*WHAT THE TASK REQUIRES*: Restate the records exactly. Include all of them.

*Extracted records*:
....
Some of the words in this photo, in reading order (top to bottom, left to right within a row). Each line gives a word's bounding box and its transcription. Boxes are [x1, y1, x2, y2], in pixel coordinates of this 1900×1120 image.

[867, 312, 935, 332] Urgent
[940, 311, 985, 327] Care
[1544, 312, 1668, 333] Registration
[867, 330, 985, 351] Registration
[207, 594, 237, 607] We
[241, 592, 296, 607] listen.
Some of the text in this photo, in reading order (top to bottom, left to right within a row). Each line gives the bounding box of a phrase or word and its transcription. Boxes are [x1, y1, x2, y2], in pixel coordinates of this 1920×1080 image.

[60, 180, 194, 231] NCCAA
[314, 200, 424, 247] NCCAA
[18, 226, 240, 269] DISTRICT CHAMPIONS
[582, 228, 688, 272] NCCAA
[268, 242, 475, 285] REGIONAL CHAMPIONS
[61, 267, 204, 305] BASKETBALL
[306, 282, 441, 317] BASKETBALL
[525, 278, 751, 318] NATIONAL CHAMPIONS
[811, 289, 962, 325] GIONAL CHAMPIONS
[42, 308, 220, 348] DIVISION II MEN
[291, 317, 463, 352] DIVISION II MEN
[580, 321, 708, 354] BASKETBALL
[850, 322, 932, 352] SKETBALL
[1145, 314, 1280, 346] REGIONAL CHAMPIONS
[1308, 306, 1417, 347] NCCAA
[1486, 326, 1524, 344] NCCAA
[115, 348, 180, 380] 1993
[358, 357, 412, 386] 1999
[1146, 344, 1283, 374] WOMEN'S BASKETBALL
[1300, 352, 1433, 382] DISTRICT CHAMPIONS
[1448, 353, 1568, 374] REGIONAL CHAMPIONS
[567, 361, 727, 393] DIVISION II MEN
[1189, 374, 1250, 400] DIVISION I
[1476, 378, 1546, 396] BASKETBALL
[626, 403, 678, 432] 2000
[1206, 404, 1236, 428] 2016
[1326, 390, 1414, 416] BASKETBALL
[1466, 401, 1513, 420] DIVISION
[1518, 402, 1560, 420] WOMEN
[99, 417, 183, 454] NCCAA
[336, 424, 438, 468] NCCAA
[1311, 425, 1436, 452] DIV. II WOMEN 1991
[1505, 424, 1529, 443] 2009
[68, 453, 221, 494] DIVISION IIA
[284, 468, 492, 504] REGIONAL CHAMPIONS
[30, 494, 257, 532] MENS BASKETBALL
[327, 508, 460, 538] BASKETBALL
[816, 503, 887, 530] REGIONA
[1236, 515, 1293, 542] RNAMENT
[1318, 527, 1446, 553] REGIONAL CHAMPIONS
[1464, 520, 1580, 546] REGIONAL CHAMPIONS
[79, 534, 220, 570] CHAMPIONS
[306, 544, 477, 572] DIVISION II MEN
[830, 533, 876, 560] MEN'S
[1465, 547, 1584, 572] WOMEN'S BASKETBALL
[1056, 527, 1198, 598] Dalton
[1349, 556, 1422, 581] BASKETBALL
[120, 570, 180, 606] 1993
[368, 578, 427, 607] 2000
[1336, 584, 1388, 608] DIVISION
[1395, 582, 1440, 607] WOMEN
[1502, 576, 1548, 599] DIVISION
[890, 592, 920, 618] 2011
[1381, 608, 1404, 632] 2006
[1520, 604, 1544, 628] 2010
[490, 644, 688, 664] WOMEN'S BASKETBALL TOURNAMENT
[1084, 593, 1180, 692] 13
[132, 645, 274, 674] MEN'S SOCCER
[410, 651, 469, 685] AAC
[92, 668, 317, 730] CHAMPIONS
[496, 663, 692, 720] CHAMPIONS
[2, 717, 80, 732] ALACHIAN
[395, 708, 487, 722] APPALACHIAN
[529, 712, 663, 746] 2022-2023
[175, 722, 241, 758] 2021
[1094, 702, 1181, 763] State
....
*EXERCISE RESULT*:
Some of the words in this photo, in reading order (top to bottom, left to right within a row). Each line gives a word's bounding box and its transcription. Boxes are [x1, y1, x2, y2], in pixel coordinates of this 1900×1120 image.

[867, 312, 935, 332] Urgent
[940, 311, 985, 327] Care
[1544, 312, 1668, 333] Registration
[867, 330, 985, 351] Registration
[207, 594, 237, 607] We
[241, 592, 296, 607] listen.
Some of the text in this photo, in reading order (top to bottom, left to right within a row). Each line gives the bounding box of a phrase or word and its transcription. Boxes are [x1, y1, x2, y2], in pixel coordinates of this 1920×1080 image.

[60, 180, 194, 231] NCCAA
[314, 200, 424, 247] NCCAA
[18, 226, 240, 269] DISTRICT CHAMPIONS
[582, 228, 688, 272] NCCAA
[268, 242, 475, 285] REGIONAL CHAMPIONS
[61, 267, 204, 305] BASKETBALL
[306, 282, 441, 317] BASKETBALL
[525, 278, 751, 318] NATIONAL CHAMPIONS
[811, 289, 962, 325] GIONAL CHAMPIONS
[42, 308, 220, 348] DIVISION II MEN
[291, 317, 463, 352] DIVISION II MEN
[580, 321, 708, 354] BASKETBALL
[850, 322, 932, 352] SKETBALL
[1145, 314, 1280, 346] REGIONAL CHAMPIONS
[1308, 306, 1417, 347] NCCAA
[1486, 326, 1524, 344] NCCAA
[115, 348, 180, 380] 1993
[358, 357, 412, 386] 1999
[1146, 344, 1283, 374] WOMEN'S BASKETBALL
[1300, 352, 1433, 382] DISTRICT CHAMPIONS
[1448, 353, 1568, 374] REGIONAL CHAMPIONS
[567, 361, 727, 393] DIVISION II MEN
[1189, 374, 1250, 400] DIVISION I
[1476, 378, 1546, 396] BASKETBALL
[626, 403, 678, 432] 2000
[1206, 404, 1236, 428] 2016
[1326, 390, 1414, 416] BASKETBALL
[1466, 401, 1513, 420] DIVISION
[1518, 402, 1560, 420] WOMEN
[99, 417, 183, 454] NCCAA
[336, 424, 438, 468] NCCAA
[1311, 425, 1436, 452] DIV. II WOMEN 1991
[1505, 424, 1529, 443] 2009
[68, 453, 221, 494] DIVISION IIA
[284, 468, 492, 504] REGIONAL CHAMPIONS
[30, 494, 257, 532] MENS BASKETBALL
[327, 508, 460, 538] BASKETBALL
[816, 503, 887, 530] REGIONA
[1236, 515, 1293, 542] RNAMENT
[1318, 527, 1446, 553] REGIONAL CHAMPIONS
[1464, 520, 1580, 546] REGIONAL CHAMPIONS
[79, 534, 220, 570] CHAMPIONS
[306, 544, 477, 572] DIVISION II MEN
[830, 533, 876, 560] MEN'S
[1465, 547, 1584, 572] WOMEN'S BASKETBALL
[1056, 527, 1198, 598] Dalton
[1349, 556, 1422, 581] BASKETBALL
[120, 570, 180, 606] 1993
[368, 578, 427, 607] 2000
[1336, 584, 1388, 608] DIVISION
[1395, 582, 1440, 607] WOMEN
[1502, 576, 1548, 599] DIVISION
[890, 592, 920, 618] 2011
[1381, 608, 1404, 632] 2006
[1520, 604, 1544, 628] 2010
[490, 644, 688, 664] WOMEN'S BASKETBALL TOURNAMENT
[1084, 593, 1180, 692] 13
[132, 645, 274, 674] MEN'S SOCCER
[410, 651, 469, 685] AAC
[92, 668, 317, 730] CHAMPIONS
[496, 663, 692, 720] CHAMPIONS
[2, 717, 80, 732] ALACHIAN
[395, 708, 487, 722] APPALACHIAN
[529, 712, 663, 746] 2022-2023
[175, 722, 241, 758] 2021
[1094, 702, 1181, 763] State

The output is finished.